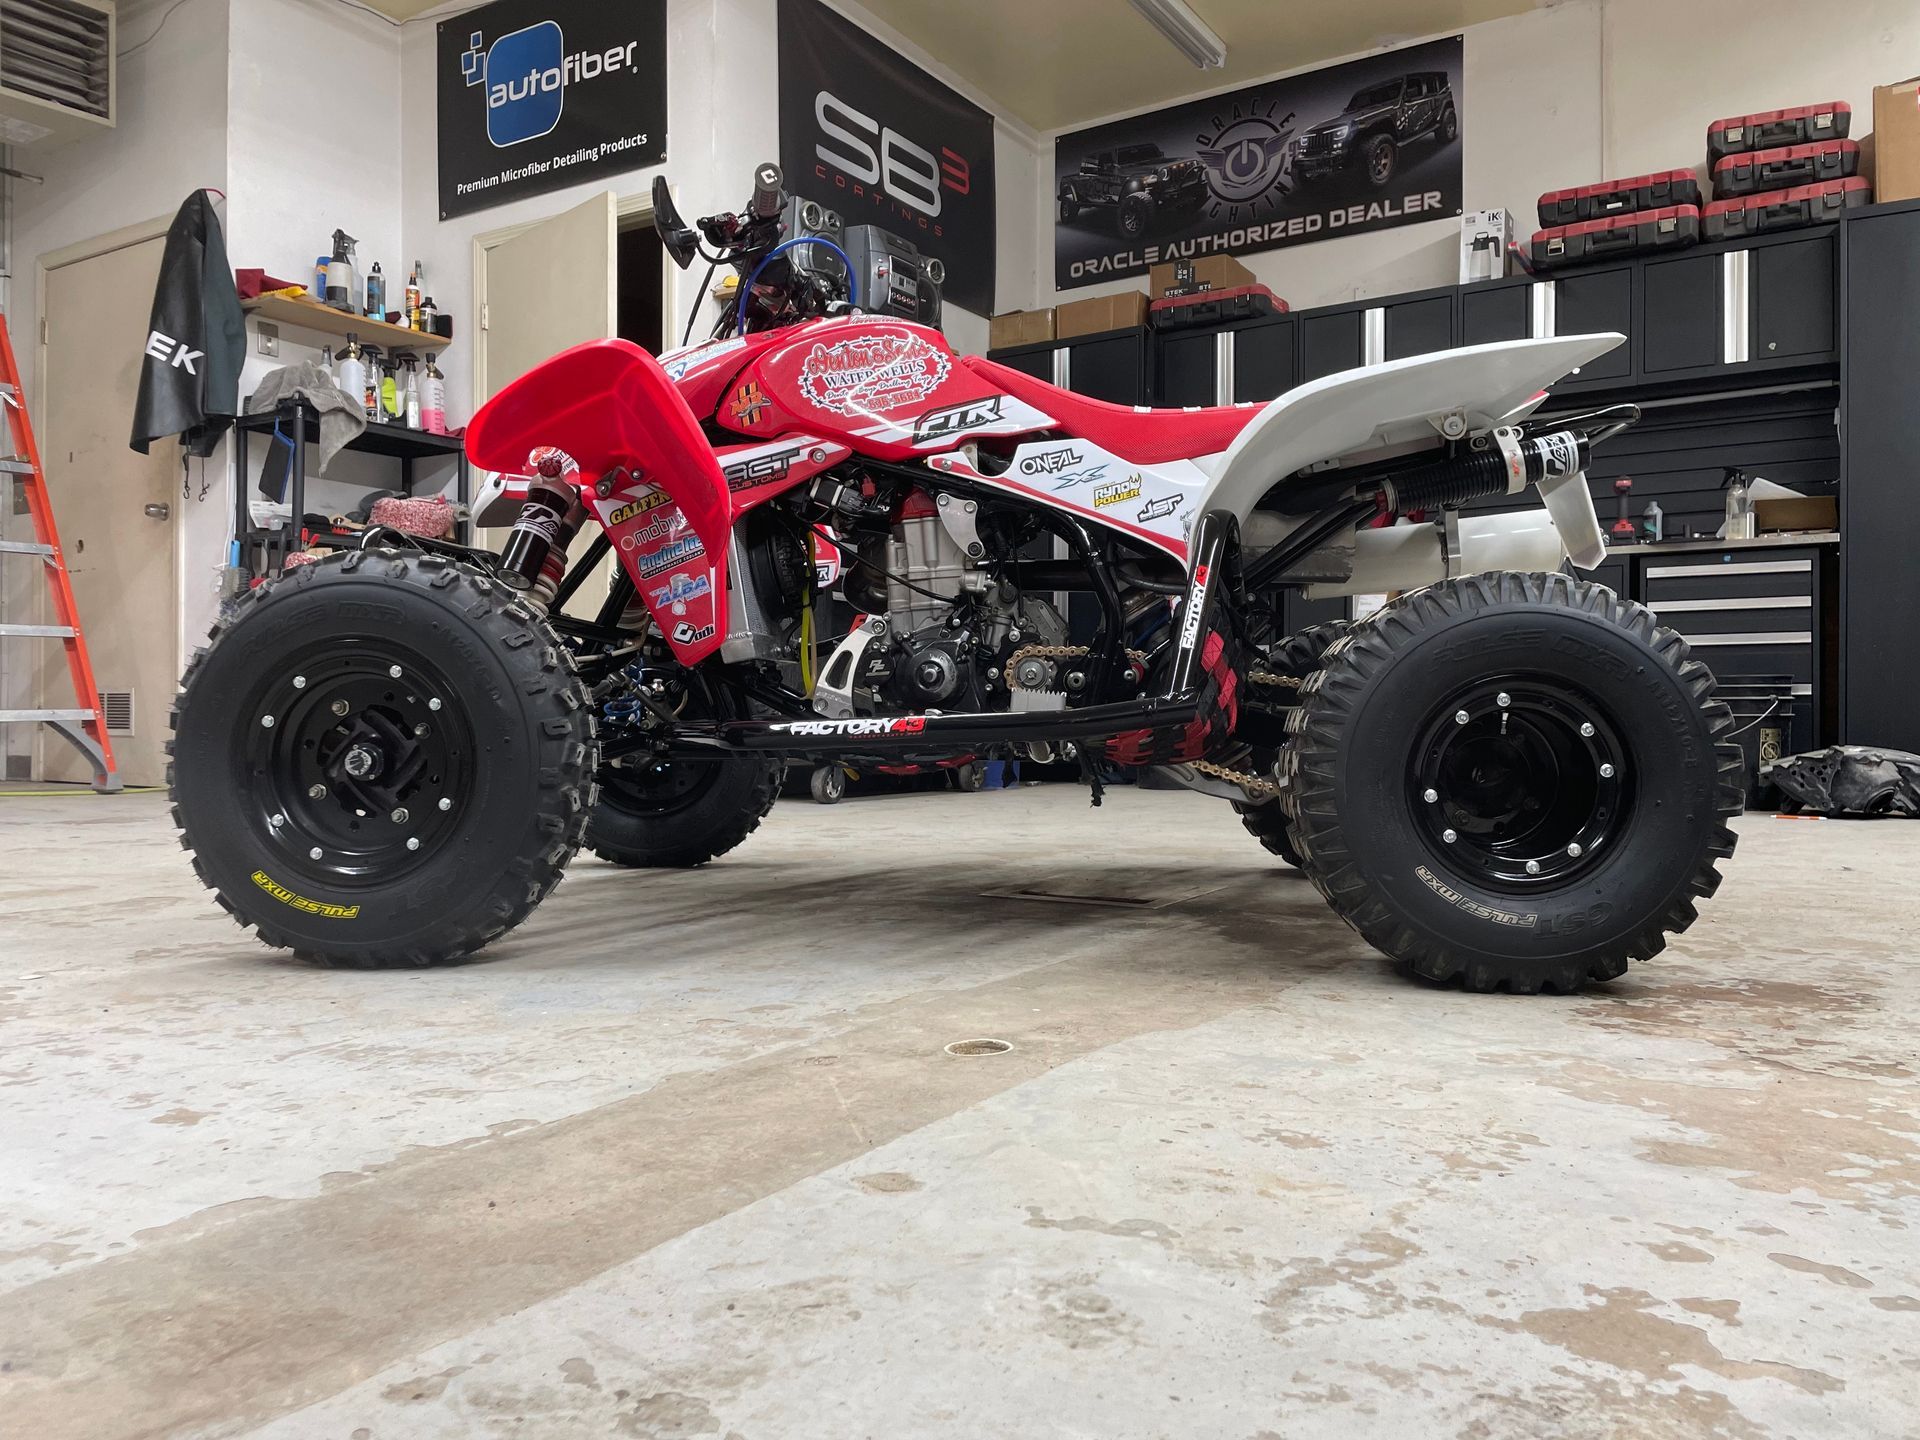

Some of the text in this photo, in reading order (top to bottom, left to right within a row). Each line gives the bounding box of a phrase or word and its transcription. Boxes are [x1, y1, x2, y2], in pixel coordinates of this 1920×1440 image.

[489, 40, 637, 108] autofiber
[457, 133, 648, 195] Premium Microfiber Detailing Products
[815, 91, 969, 217] SB3
[815, 164, 943, 236] COATINGS
[1070, 246, 1158, 279] ORACLE
[1165, 213, 1322, 260] AUTHORIZED
[1329, 190, 1443, 229] DEALER
[145, 330, 205, 376] EK
[825, 360, 925, 388] WATER WELLS
[880, 379, 911, 389] Drilling
[1095, 489, 1140, 508] POWER
[251, 870, 296, 903] MXR
[289, 896, 360, 919] PULSE
[1415, 865, 1538, 928] PULSE MXR
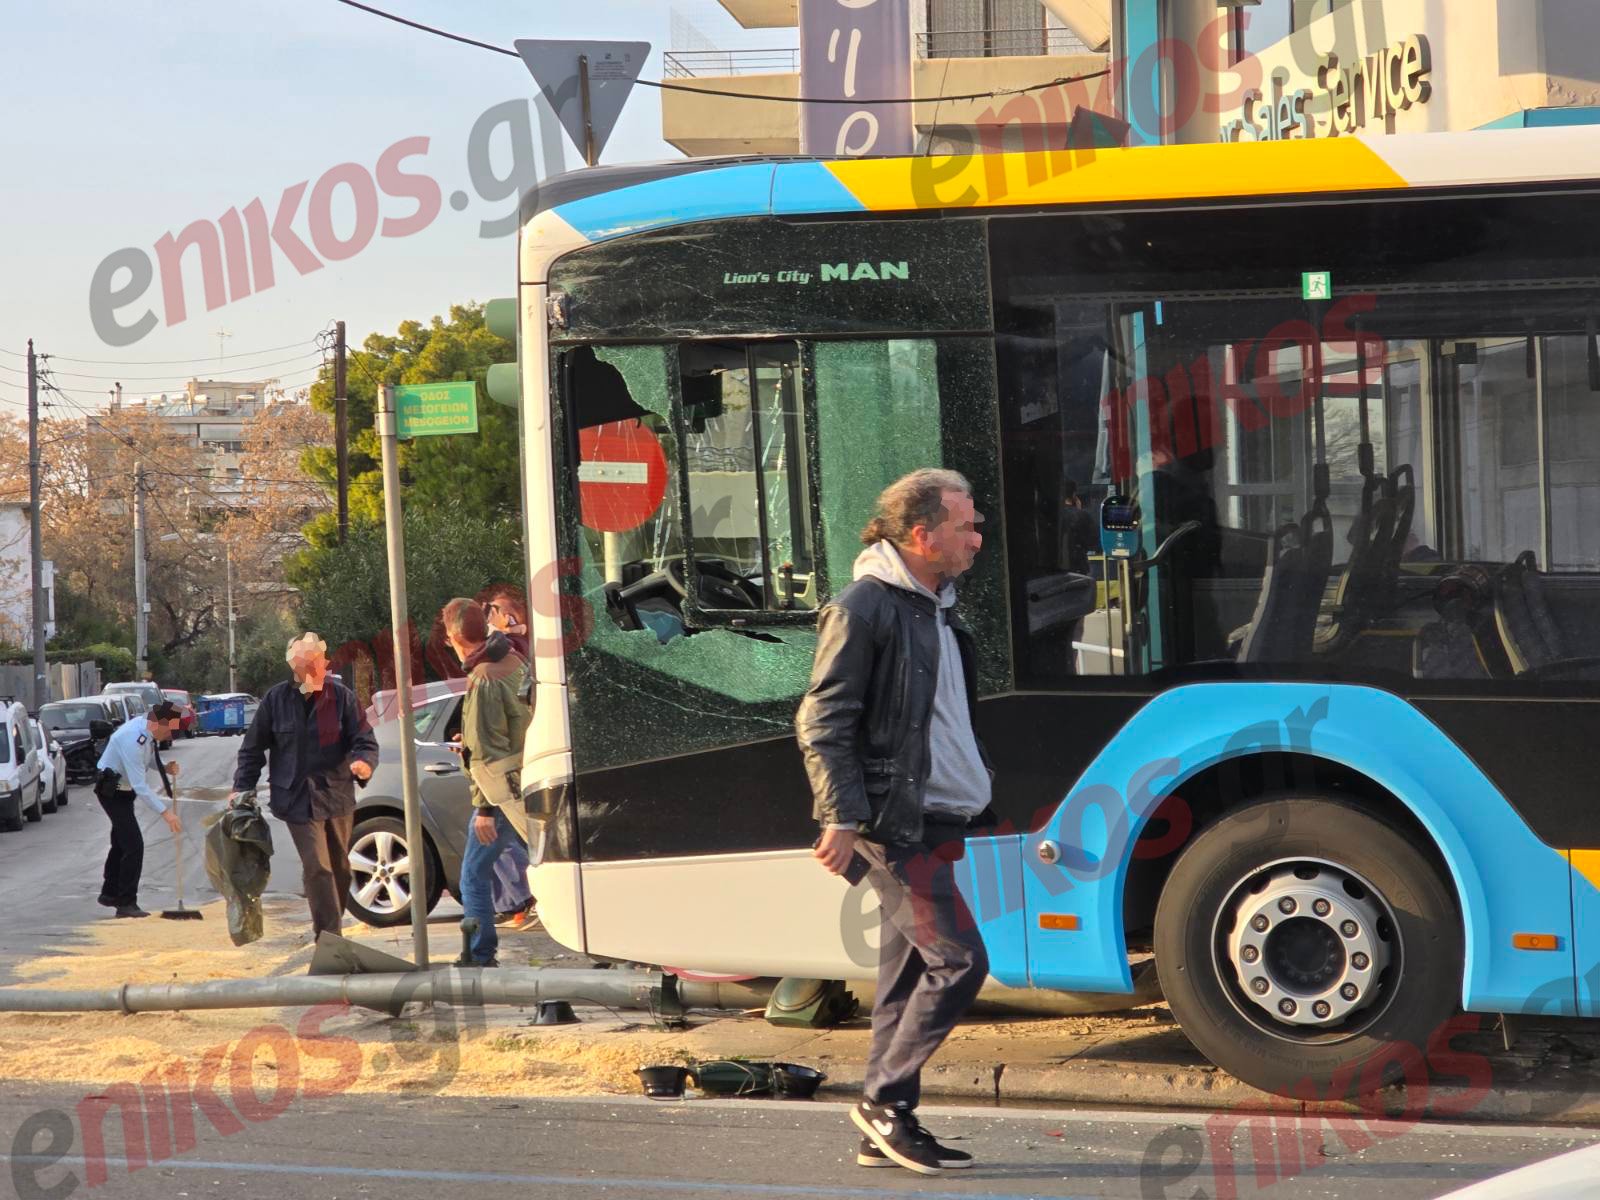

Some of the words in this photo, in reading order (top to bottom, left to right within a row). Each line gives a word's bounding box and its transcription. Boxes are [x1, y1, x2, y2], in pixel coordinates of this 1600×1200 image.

[723, 271, 770, 284] Lion's
[777, 270, 811, 285] City
[820, 261, 909, 281] MAN
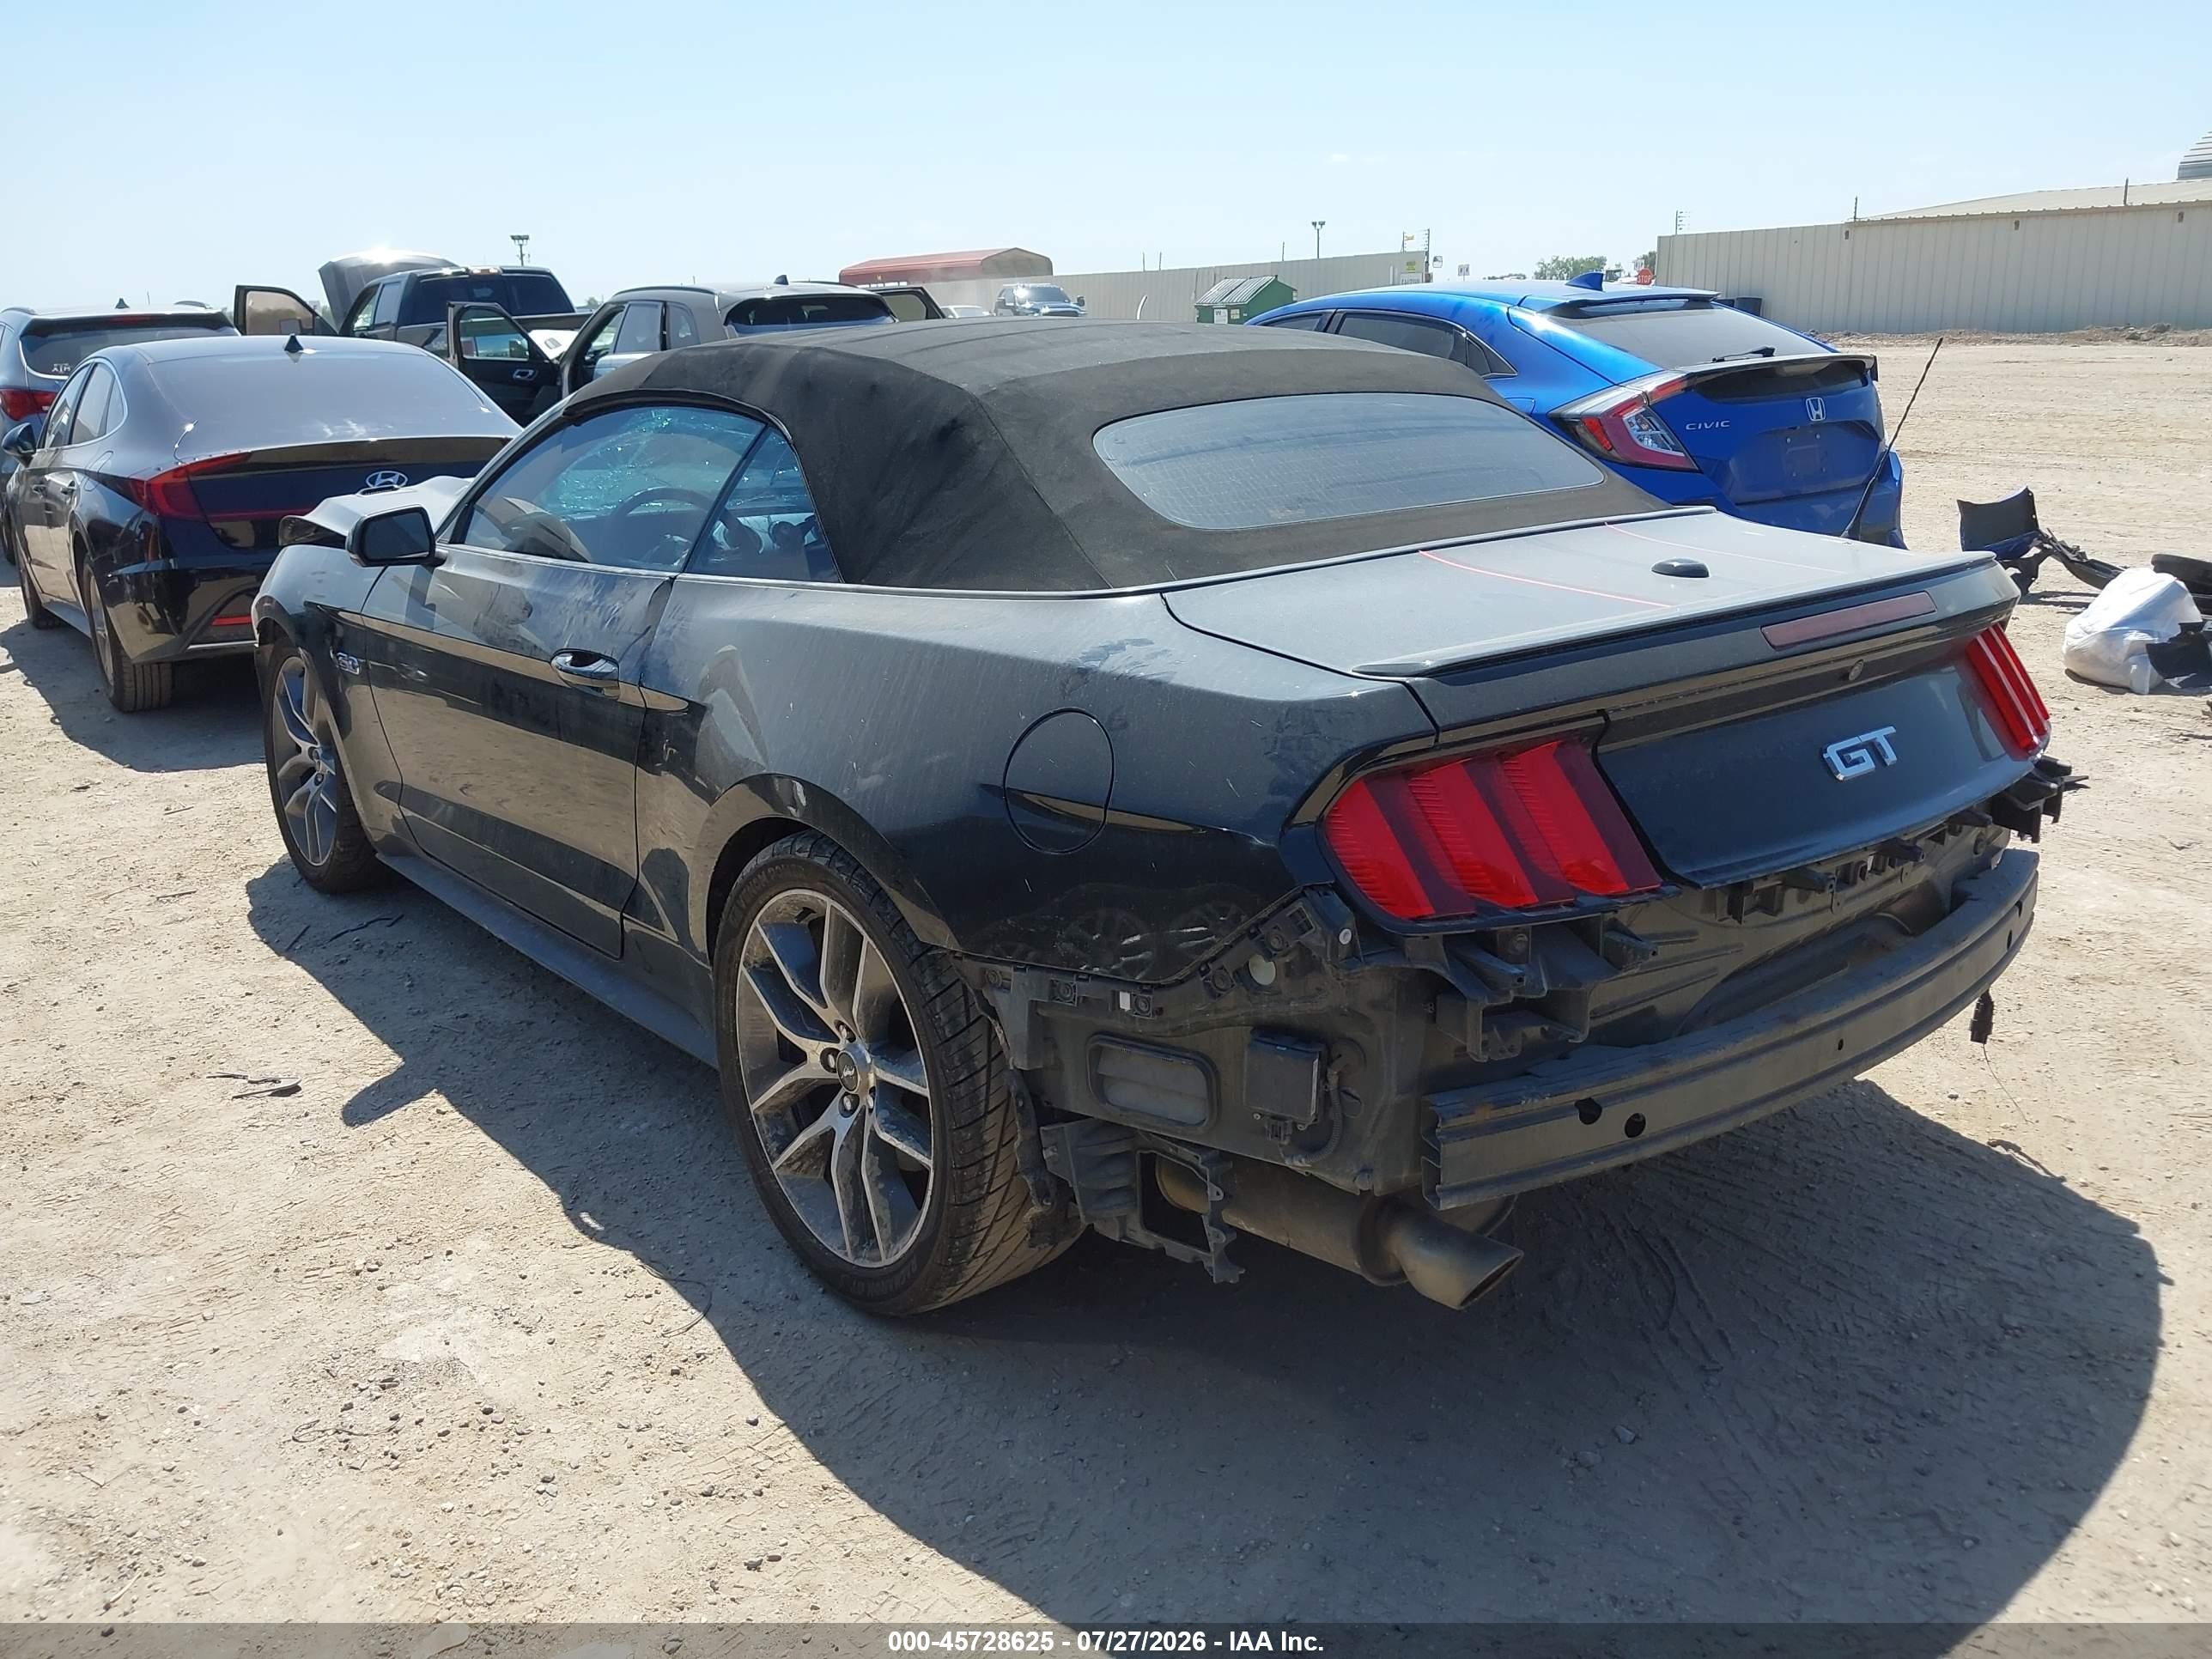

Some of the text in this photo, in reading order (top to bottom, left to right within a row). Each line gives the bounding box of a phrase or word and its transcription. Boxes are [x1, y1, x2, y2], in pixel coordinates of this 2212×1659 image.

[1638, 275, 1650, 283] STOP
[1686, 420, 1730, 430] CIVIC
[1822, 726, 1897, 781] GT
^^^^^^^^^^^^^^^^
■ Task objective:
Please retype the whole listing above exactly, without any of its images.

■ Response below:
Some of the text in this photo, in reading order (top to bottom, left to right within a row). Each line gives the bounding box of a phrase or word and its transcription. Boxes are [x1, y1, x2, y2], in pixel coordinates of this 1920×1440 image.

[489, 40, 637, 108] autofiber
[457, 133, 648, 195] Premium Microfiber Detailing Products
[815, 91, 969, 217] SB3
[815, 164, 943, 236] COATINGS
[1070, 246, 1158, 279] ORACLE
[1165, 213, 1322, 260] AUTHORIZED
[1329, 190, 1443, 229] DEALER
[145, 330, 205, 376] EK
[825, 360, 925, 388] WATER WELLS
[880, 379, 911, 389] Drilling
[1095, 489, 1140, 508] POWER
[251, 870, 296, 903] MXR
[289, 896, 360, 919] PULSE
[1415, 865, 1538, 928] PULSE MXR

Some of the words in this photo, in reading order (top to bottom, left to right within a row). Each line gives a word's bounding box and its transcription. Boxes are [x1, y1, x2, y2], in pixel coordinates of this 1600×1200 image.

[723, 271, 770, 284] Lion's
[777, 270, 811, 285] City
[820, 261, 909, 281] MAN

Some of the text in this photo, in reading order (top to bottom, left to right within a row). Each line gives the bounding box of a phrase or word and its transcription. Boxes are [x1, y1, x2, y2], in pixel coordinates of this 2212×1659 image.

[1638, 275, 1650, 283] STOP
[1686, 420, 1730, 430] CIVIC
[1822, 726, 1897, 781] GT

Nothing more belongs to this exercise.